### DESCRIPTION OF THE TASK
For each record below, retype the text exactly and omit any image.

--- START ---

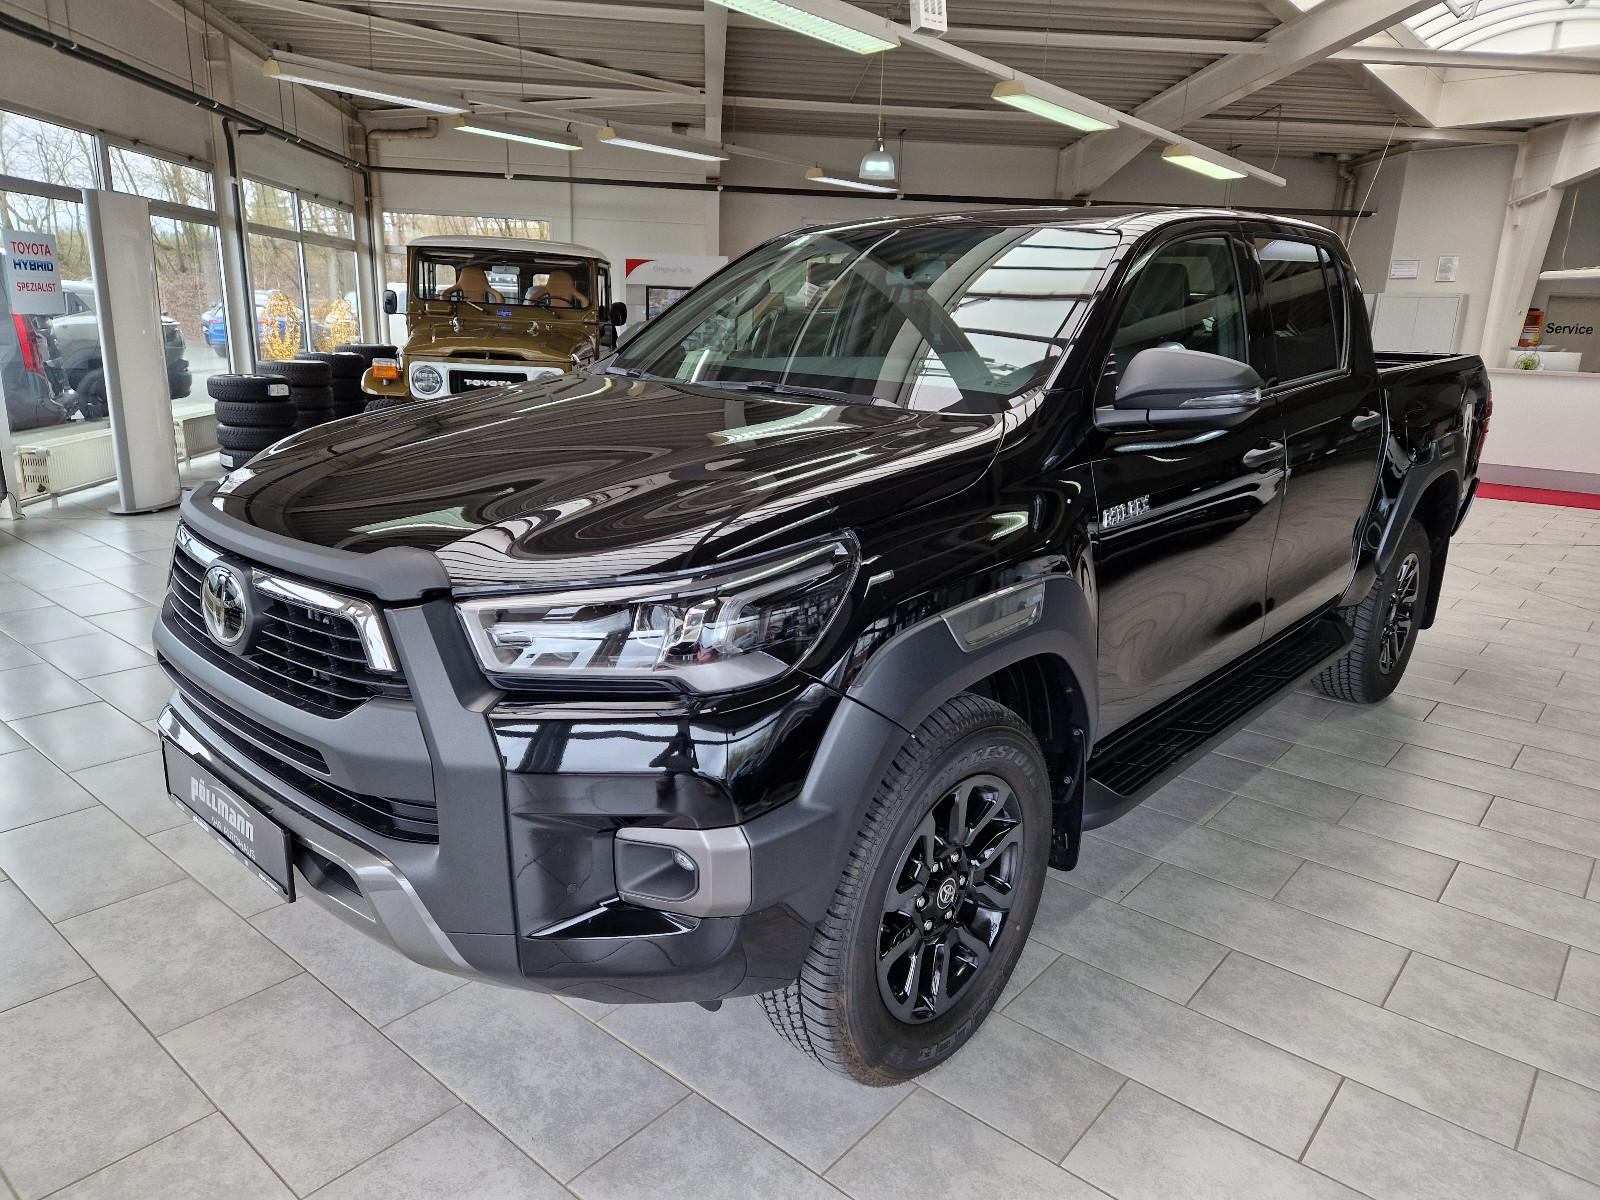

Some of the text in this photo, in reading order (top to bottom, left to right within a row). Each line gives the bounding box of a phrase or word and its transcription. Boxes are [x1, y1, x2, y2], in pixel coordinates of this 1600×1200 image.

[11, 241, 51, 256] TOYOTA
[13, 259, 54, 271] HYBRID
[16, 282, 56, 293] SPEZIALIST
[1546, 322, 1594, 335] Service
[464, 379, 512, 387] TOYOTA

--- END ---

### WRITTEN SOLUTION
Some of the text in this photo, in reading order (top to bottom, left to right within a row). Each line gives the bounding box of a phrase or word and its transcription. Boxes are [x1, y1, x2, y2], in pixel coordinates of this 1600×1200 image.

[11, 241, 51, 256] TOYOTA
[13, 259, 54, 271] HYBRID
[16, 282, 56, 293] SPEZIALIST
[1546, 322, 1594, 335] Service
[464, 379, 512, 387] TOYOTA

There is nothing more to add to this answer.